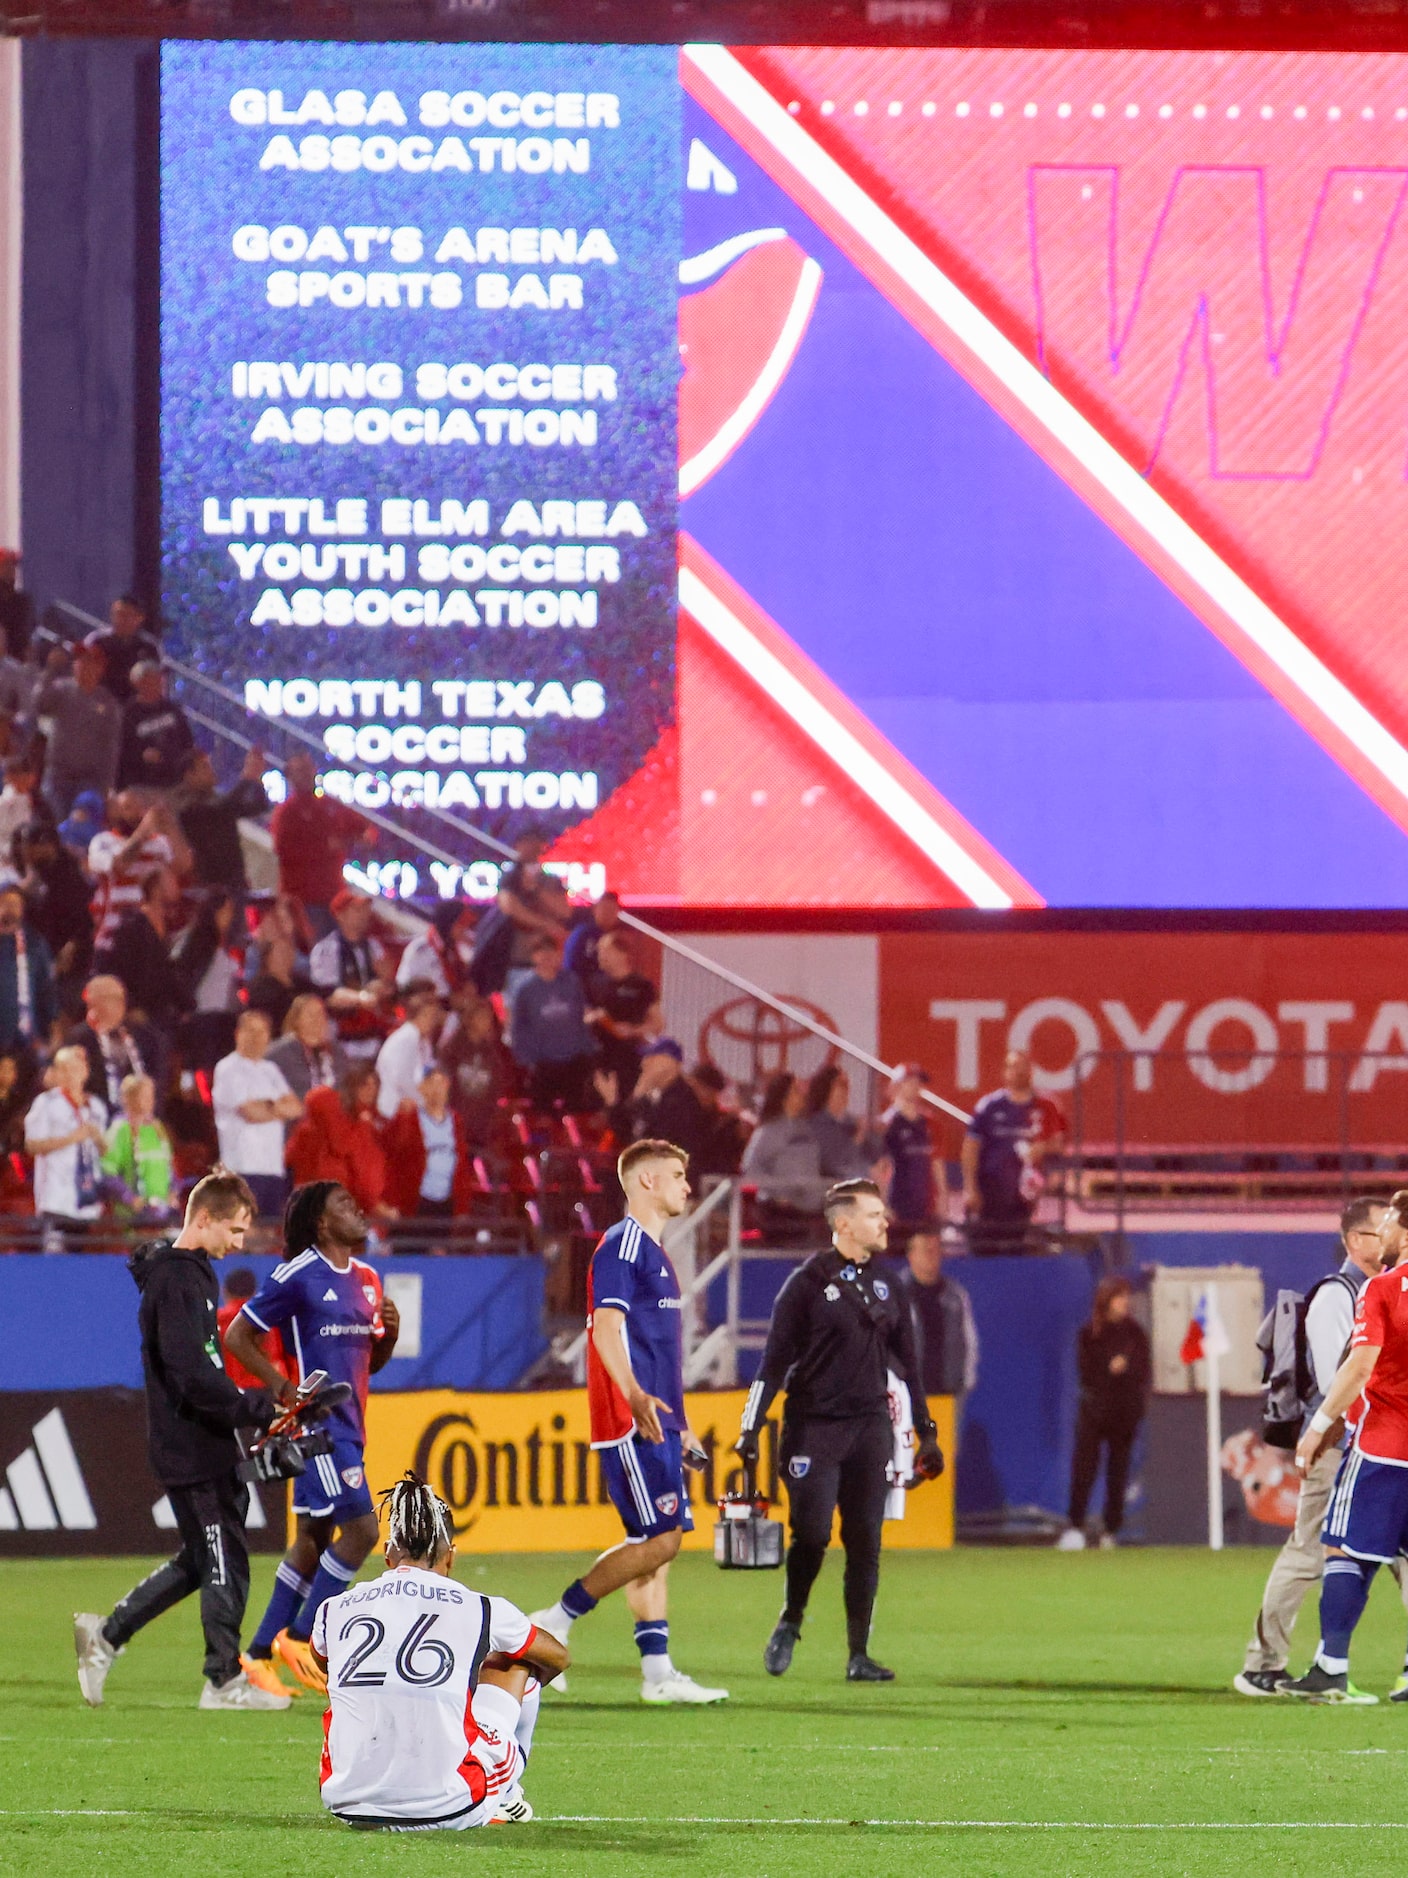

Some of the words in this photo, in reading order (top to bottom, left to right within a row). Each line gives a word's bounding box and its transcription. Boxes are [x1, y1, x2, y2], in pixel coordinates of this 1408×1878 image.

[230, 89, 406, 126] GLASA
[419, 91, 619, 128] SOCCER
[259, 135, 589, 174] ASSOCATION
[232, 224, 424, 263] GOAT'S
[435, 228, 618, 265] ARENA
[266, 270, 462, 308] SPORTS
[476, 272, 583, 309] BAR
[232, 361, 403, 398] IRVING
[416, 362, 618, 400] SOCCER
[251, 407, 597, 445] ASSOCIATION
[203, 498, 367, 535] LITTLE
[382, 499, 489, 536] ELM
[501, 500, 647, 537] AREA
[228, 543, 405, 581] YOUTH
[418, 545, 620, 582] SOCCER
[250, 589, 598, 628] ASSOCIATION
[244, 680, 421, 717] NORTH
[432, 681, 605, 718] TEXAS
[323, 725, 526, 763] SOCCER
[337, 1613, 456, 1689] 26

▶ [About this task]:
Could you reproduce all of the data above exactly and skip any image?

▶ [Solution for this exercise]:
Some of the words in this photo, in reading order (top to bottom, left to right within a row). Each line gives a word's bounding box and its transcription. Boxes are [x1, y1, x2, y2], in pixel coordinates of this 1408×1878 image.

[230, 89, 406, 126] GLASA
[419, 91, 619, 128] SOCCER
[259, 135, 589, 174] ASSOCATION
[232, 224, 424, 263] GOAT'S
[435, 228, 618, 265] ARENA
[266, 270, 462, 308] SPORTS
[476, 272, 583, 309] BAR
[232, 361, 403, 398] IRVING
[416, 362, 618, 400] SOCCER
[251, 407, 597, 445] ASSOCIATION
[203, 498, 367, 535] LITTLE
[382, 499, 489, 536] ELM
[501, 500, 647, 537] AREA
[228, 543, 405, 581] YOUTH
[418, 545, 620, 582] SOCCER
[250, 589, 598, 628] ASSOCIATION
[244, 680, 421, 717] NORTH
[432, 681, 605, 718] TEXAS
[323, 725, 526, 763] SOCCER
[337, 1613, 456, 1689] 26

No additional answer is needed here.